#### Exercise data ####

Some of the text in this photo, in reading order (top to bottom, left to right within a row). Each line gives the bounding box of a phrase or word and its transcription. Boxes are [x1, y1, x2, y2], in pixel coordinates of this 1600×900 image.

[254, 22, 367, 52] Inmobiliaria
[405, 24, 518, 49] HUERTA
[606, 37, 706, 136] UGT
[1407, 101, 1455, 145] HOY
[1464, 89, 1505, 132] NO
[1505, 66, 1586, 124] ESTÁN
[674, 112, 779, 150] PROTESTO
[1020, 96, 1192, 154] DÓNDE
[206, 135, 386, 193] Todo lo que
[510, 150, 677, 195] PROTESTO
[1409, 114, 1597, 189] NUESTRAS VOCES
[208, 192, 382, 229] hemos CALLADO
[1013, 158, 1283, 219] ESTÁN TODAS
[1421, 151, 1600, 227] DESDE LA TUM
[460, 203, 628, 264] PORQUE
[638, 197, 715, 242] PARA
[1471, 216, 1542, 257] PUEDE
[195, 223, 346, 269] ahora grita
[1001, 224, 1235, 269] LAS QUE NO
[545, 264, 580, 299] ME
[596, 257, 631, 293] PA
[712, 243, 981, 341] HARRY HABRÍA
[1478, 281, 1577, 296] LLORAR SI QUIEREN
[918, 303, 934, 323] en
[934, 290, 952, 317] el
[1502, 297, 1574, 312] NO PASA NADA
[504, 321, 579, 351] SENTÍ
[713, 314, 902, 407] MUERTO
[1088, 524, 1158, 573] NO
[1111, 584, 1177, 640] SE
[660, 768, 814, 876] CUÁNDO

####

• _What to do_:
Give the records again, exactly as they appear.

• _Solved exercise_:
Some of the text in this photo, in reading order (top to bottom, left to right within a row). Each line gives the bounding box of a phrase or word and its transcription. Boxes are [x1, y1, x2, y2], in pixel coordinates of this 1600×900 image.

[254, 22, 367, 52] Inmobiliaria
[405, 24, 518, 49] HUERTA
[606, 37, 706, 136] UGT
[1407, 101, 1455, 145] HOY
[1464, 89, 1505, 132] NO
[1505, 66, 1586, 124] ESTÁN
[674, 112, 779, 150] PROTESTO
[1020, 96, 1192, 154] DÓNDE
[206, 135, 386, 193] Todo lo que
[510, 150, 677, 195] PROTESTO
[1409, 114, 1597, 189] NUESTRAS VOCES
[208, 192, 382, 229] hemos CALLADO
[1013, 158, 1283, 219] ESTÁN TODAS
[1421, 151, 1600, 227] DESDE LA TUM
[460, 203, 628, 264] PORQUE
[638, 197, 715, 242] PARA
[1471, 216, 1542, 257] PUEDE
[195, 223, 346, 269] ahora grita
[1001, 224, 1235, 269] LAS QUE NO
[545, 264, 580, 299] ME
[596, 257, 631, 293] PA
[712, 243, 981, 341] HARRY HABRÍA
[1478, 281, 1577, 296] LLORAR SI QUIEREN
[918, 303, 934, 323] en
[934, 290, 952, 317] el
[1502, 297, 1574, 312] NO PASA NADA
[504, 321, 579, 351] SENTÍ
[713, 314, 902, 407] MUERTO
[1088, 524, 1158, 573] NO
[1111, 584, 1177, 640] SE
[660, 768, 814, 876] CUÁNDO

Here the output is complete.